Q Madam Witness, in connection with this case, do you remember having executed an affidavit?
A Yes, mam [sic].
Q If you were shown that document will you be able to identify it?
A Yes, mam [sic].
Q I am showing to you this document below is a signature above the typewritten name Cherry Rose Teves, will you please tell us if that is the statement which you said you executed?
A Yes, mam [sic].
Q Whose signature is this above the typewritten name cherry Rose Teves?
A Mine, mam [sic].
PROS. DE CASTRO
For purposes of identification, we request that this document be marked as Exh. A and the signature of the witness as Exh. A-1.
Q In this statement particularly par. 5 the question was “Kailan ka ni rape ng iyong tatay?” Ans: “Sa Kawit, Cavite.”
Q Can you tell the Court what happened on Jan. 1, 1995?
A I went out of the house and then I went home.
Q What happened after you went home on that day?
A My father called me.
Q What did you do after he called you?
A He asked my brother to buy cigarette[s].
Q After that, what happened?
A He asked me to clean our house and to take care my small brothers and sister.
Q What did you do?
A I cleaned our house.
Q After that what happened?
A I was again “raped” by my father and it happened many times.
Q During all those times when you were being raped by our father, where was your mother?
A She was not around.
Q Where was she?
A She went somewhere else.
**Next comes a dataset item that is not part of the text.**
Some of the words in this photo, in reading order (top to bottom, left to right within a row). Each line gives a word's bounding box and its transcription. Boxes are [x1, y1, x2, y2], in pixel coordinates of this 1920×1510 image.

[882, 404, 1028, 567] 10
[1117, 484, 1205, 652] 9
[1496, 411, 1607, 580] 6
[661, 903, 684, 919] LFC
Only my small brothers and sisters were around.
Q What was the occupation of your mother?
A Laundrywoman.
Q During those times when you were raped by your father, do you remember where your mother was?
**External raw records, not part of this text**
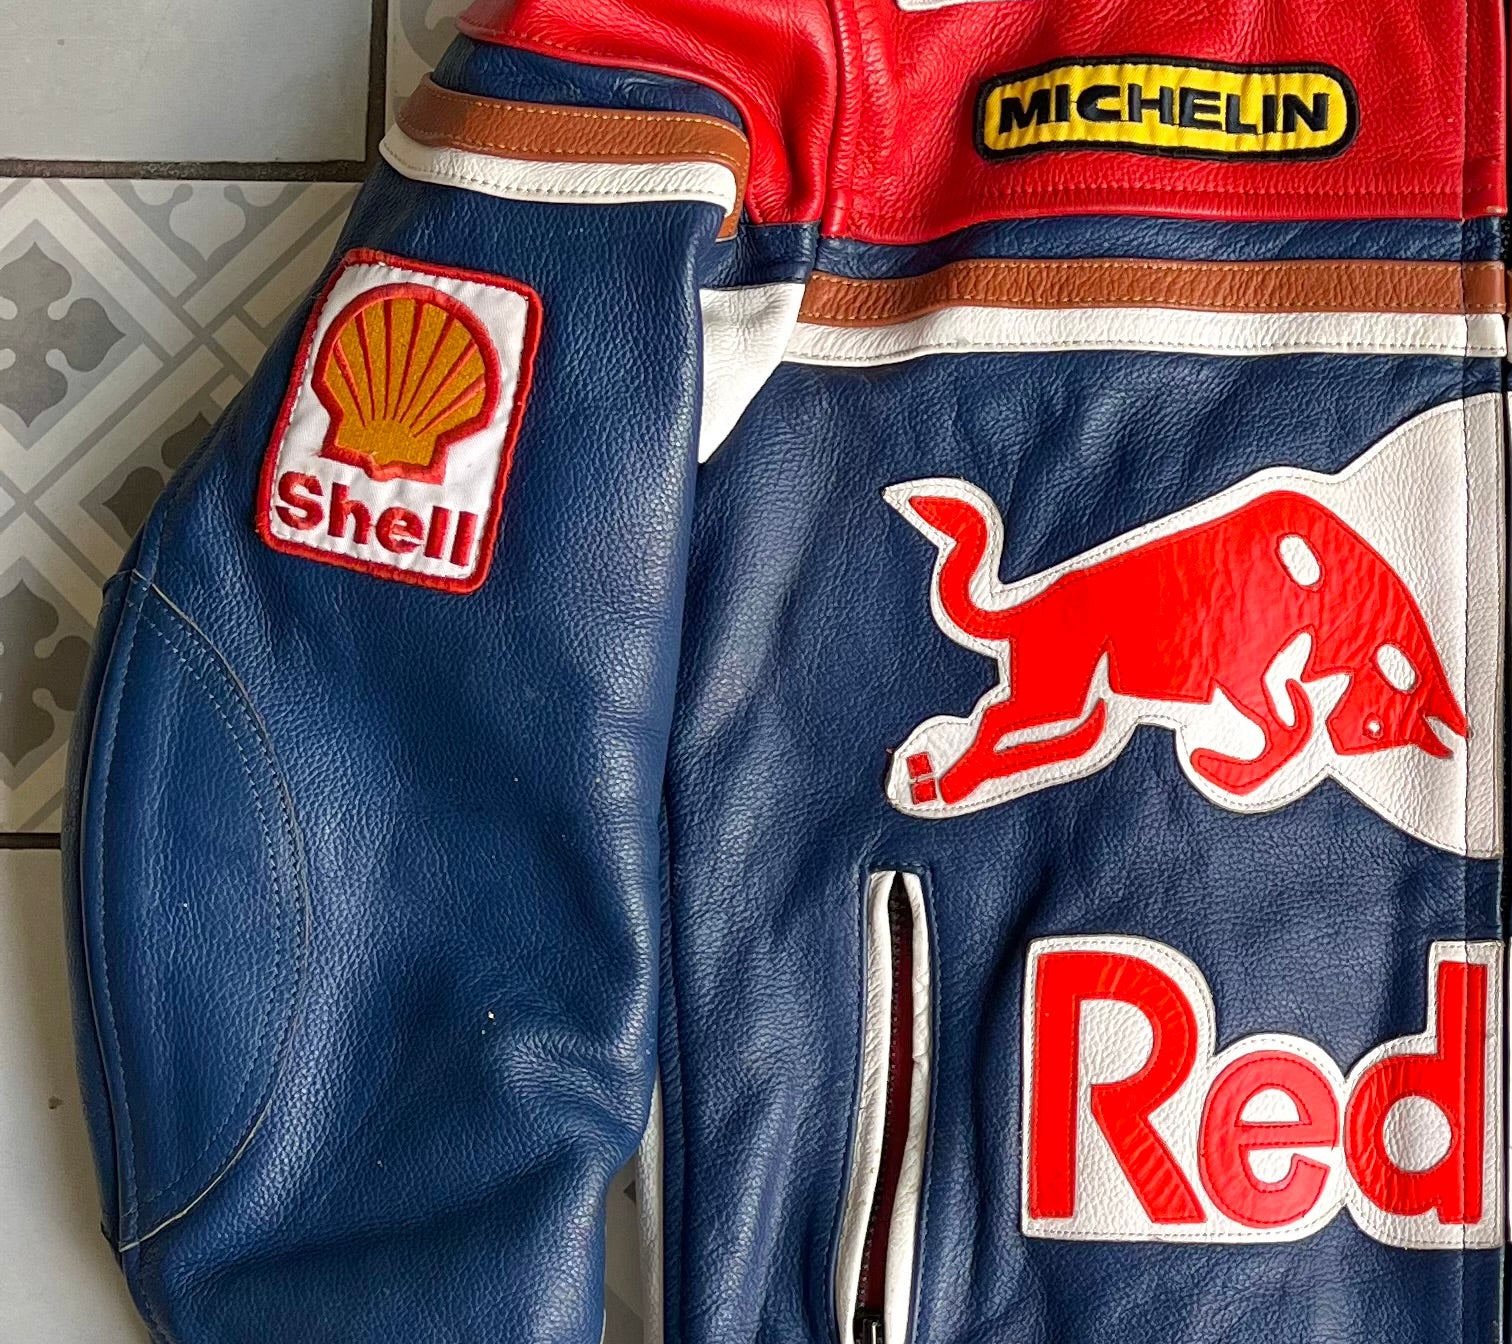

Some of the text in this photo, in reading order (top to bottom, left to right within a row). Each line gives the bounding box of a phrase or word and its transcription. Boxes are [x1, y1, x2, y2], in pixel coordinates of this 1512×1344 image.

[999, 83, 1329, 134] MICHELIN
[275, 471, 478, 567] Shell
[1029, 951, 1484, 1229] Red
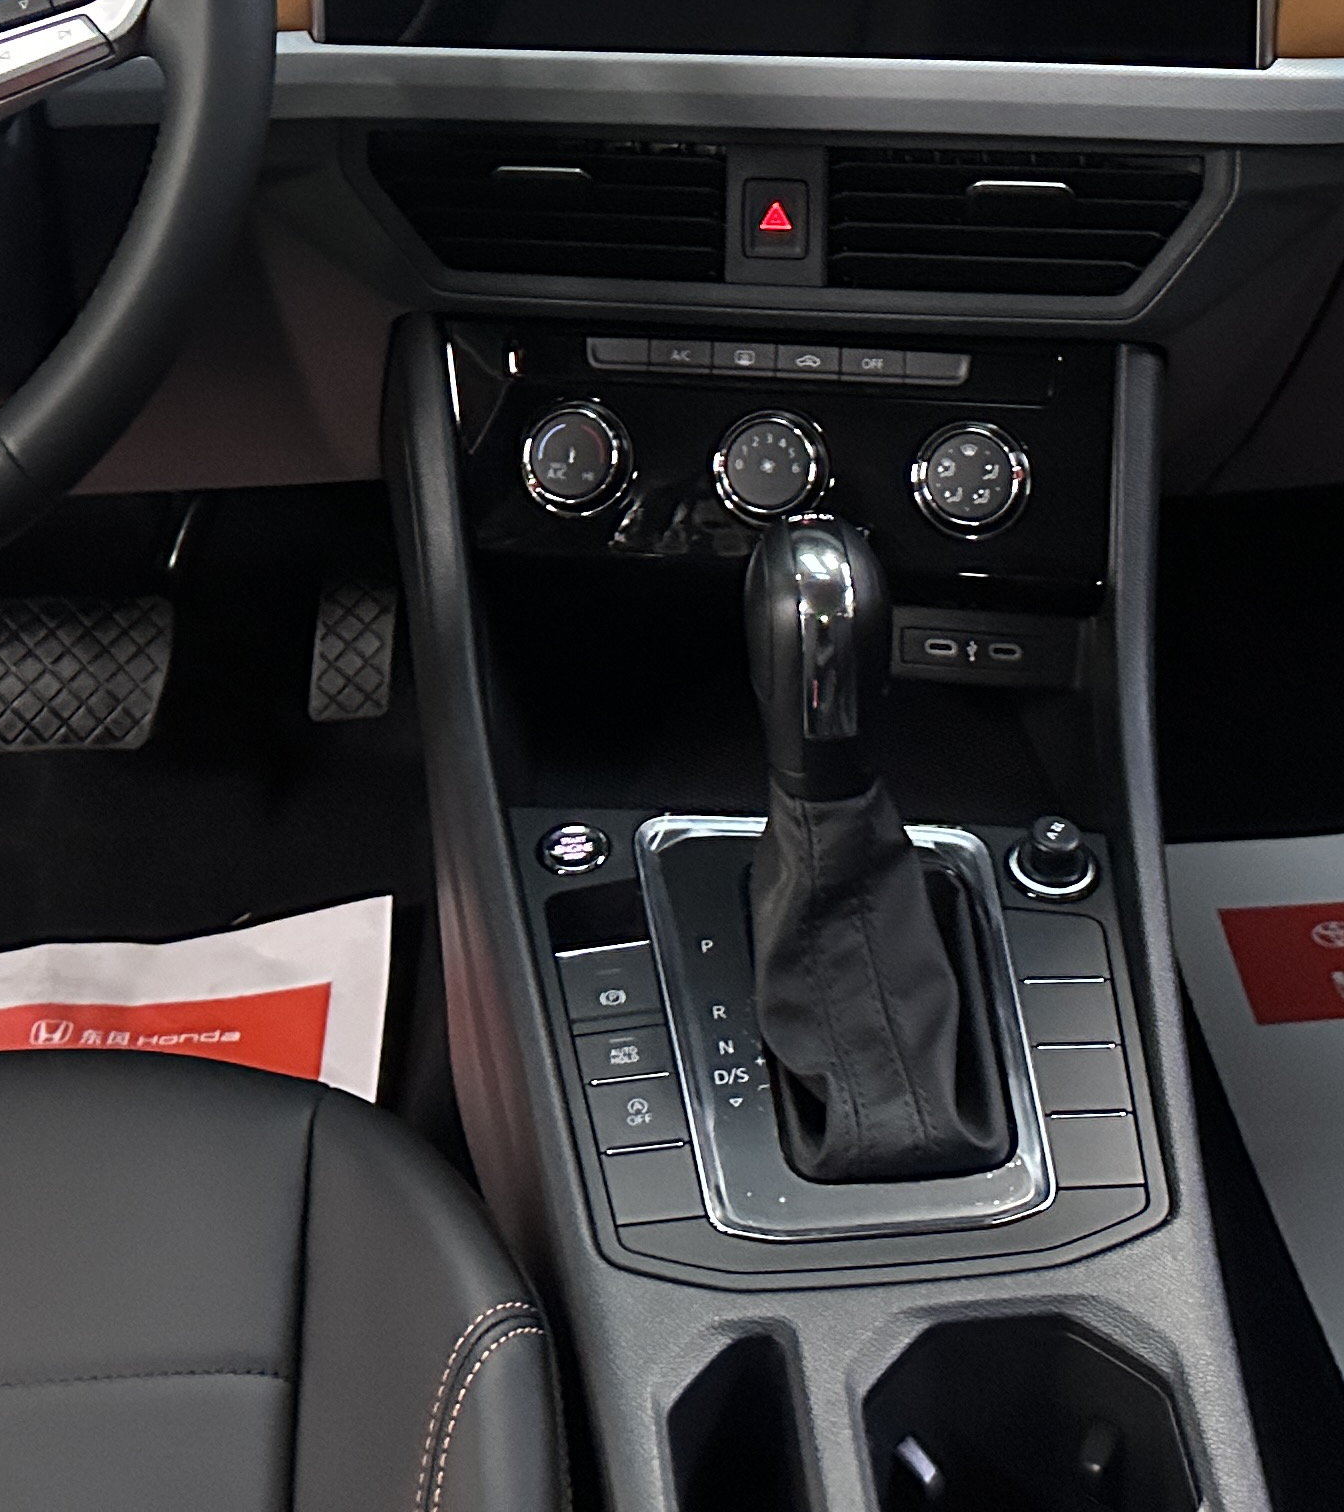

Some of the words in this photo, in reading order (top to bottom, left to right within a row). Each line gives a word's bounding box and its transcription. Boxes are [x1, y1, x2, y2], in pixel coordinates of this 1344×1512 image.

[860, 358, 884, 370] OFF
[700, 939, 714, 954] P
[712, 1005, 727, 1020] R
[609, 1044, 639, 1056] AUTO
[718, 1040, 735, 1056] N
[609, 1054, 640, 1065] HOLD
[713, 1067, 750, 1086] D/S
[626, 1112, 653, 1127] OFF
A She was washing clothes.
Q Where?
A In the apartment a little bit near our house.
Q Why did you not tell you mother about what your father did to you the first time that you were raped?
A I was afraid.
Q Why were you afraid?
A I did not tell my mother because father told me not to tell her.
Q What else did your father tell you?
A Not to tell the matter to my mother because if I will tell my mother he will kill me.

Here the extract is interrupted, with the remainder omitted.